La Tetrabiblos presenta infatti per la prima volta una riflessione ragionata, di alto livello accademico, sull’astrologia, offrendone una sistematizzazione definitiva e distinguendo, alla luce della razionalità e di teorie scientifiche accreditate, gli aspetti ritenuti fededegni da quelli fasulli. La serietà del trattato era apprezzabile sin dal proemio, nel quale Tolomeo, rivolgendosi a Siro (un imprecisato amico o discepolo, cui Tolomeo aveva già dedicato l’Almagesto), gli spiegava che l’esame degli astri consente di fare due generi di previsioni: la prima, più sicura ma incompleta, di tipo puramente astronomico, permette di prevedere con congruo anticipo quelli che saranno i movimenti degli astri stessi, in relazione l’uno con l’altro (ed era già stata discussa da Tolomeo nell’Almagesto); la seconda, invece, di tipo astrologico, era meno sicura, ma aveva un suo fondamento filosofico, basandosi sull’assunto che gli uomini devono in qualche misura dipendere dall’influsso dei cieli, che li contengono.

A dimostrare, per quanto possibile, questo assunto, Tolomeo si dedicava immediatamente dopo il proemio, nel secondo capitolo: Tolomeo non eludeva quindi il problema fondamentale dell’astrologia, ossia la sua stessa legittimità, ma affrontava i suoi avversari con il linguaggio e la tecnica argomentativa propri della grande tradizione logico-scientifica greca. Se, sostiene Tolomeo, l’influsso del sole che dà luce e calore agli organismi viventi è percepibile da chiunque; se la luna, in una maniera meno evidente, ma comunque certa, determina il flusso delle maree, è altrettanto probabile, secondo la legge dell’analogia, che gli astri influiscano sulla vita dell’uomo.

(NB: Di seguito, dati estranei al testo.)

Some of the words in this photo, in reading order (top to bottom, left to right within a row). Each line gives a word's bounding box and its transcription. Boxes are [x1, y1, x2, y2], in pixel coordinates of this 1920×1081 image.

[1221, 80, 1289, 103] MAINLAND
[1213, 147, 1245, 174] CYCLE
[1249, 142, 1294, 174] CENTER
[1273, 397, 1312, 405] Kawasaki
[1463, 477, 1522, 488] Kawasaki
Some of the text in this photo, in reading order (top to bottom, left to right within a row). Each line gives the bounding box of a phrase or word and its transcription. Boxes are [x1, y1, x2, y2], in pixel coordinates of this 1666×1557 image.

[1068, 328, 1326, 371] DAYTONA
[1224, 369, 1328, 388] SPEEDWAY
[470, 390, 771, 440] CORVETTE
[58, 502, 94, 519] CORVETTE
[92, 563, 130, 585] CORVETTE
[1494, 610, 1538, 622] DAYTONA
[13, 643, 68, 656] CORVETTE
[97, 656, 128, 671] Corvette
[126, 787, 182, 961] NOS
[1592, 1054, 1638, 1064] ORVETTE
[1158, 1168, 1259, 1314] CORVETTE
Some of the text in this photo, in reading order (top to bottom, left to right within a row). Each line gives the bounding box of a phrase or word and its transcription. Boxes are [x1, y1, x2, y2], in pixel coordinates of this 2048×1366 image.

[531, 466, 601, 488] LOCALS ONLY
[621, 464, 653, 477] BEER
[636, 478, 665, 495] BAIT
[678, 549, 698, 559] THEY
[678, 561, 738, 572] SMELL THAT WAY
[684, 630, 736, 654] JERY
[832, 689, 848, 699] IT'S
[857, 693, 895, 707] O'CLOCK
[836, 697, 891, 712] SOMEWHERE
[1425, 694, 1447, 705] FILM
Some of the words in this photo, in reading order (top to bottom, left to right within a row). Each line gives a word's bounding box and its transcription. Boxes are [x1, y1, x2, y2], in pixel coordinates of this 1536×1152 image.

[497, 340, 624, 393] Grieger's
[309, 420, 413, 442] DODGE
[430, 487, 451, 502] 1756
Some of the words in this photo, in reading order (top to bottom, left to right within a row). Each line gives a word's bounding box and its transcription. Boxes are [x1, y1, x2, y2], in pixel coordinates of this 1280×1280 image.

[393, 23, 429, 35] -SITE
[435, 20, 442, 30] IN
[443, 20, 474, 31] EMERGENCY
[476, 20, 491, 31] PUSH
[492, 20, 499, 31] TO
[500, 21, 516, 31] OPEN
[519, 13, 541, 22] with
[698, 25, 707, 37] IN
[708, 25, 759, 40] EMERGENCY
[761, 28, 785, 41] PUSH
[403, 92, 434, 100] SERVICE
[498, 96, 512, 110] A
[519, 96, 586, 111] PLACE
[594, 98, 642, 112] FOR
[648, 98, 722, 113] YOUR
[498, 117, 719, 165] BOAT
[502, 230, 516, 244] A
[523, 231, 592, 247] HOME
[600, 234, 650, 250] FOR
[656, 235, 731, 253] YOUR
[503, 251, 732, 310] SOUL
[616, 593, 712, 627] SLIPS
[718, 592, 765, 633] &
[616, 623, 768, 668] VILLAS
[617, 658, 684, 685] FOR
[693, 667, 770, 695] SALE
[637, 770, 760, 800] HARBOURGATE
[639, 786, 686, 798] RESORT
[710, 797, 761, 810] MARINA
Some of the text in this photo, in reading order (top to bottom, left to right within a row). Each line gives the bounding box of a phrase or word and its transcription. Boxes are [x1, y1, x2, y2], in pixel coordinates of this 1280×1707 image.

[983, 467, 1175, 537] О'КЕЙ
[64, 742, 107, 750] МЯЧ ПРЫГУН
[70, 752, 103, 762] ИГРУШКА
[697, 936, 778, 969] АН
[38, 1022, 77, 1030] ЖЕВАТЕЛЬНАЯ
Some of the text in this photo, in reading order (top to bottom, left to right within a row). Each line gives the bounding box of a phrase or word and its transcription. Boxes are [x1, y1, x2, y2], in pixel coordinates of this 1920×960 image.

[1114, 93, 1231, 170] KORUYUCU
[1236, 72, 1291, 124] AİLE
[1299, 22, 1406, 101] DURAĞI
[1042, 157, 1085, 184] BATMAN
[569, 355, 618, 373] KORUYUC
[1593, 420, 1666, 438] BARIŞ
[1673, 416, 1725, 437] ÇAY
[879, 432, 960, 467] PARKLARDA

Proprio come aveva fatto nell’Almagesto, Tolomeo nei quattro libri della Tetrabiblos passò ordinatamente in rassegna e discusse le principali dottrine astrologiche antiche, offrendo una sistematizzazione della dottrina astrologica destinata a diventare canonica e a influenzare profondamente il pensiero europeo fino alla fine del Rinascimento, come dimostra anche il commento che proprio alla Tetrabiblos dedicò il filosofo Gerolamo Cardano.

La fortuna dell’opera di Tolomeo è attestata anche dal compendio ragionato che ne fece Efestione di Tebe, vissuto probabilmente sotto il regno di Teodosio: l’opera, intitolata Apotelesmatica, consiste in tre libri: i primi due riassumono, con occasionali varianti, il testo dellaTetrabiblos; il terzo espone invece in maniera compiuta la teoria delle Καταρχαί (Katarchai).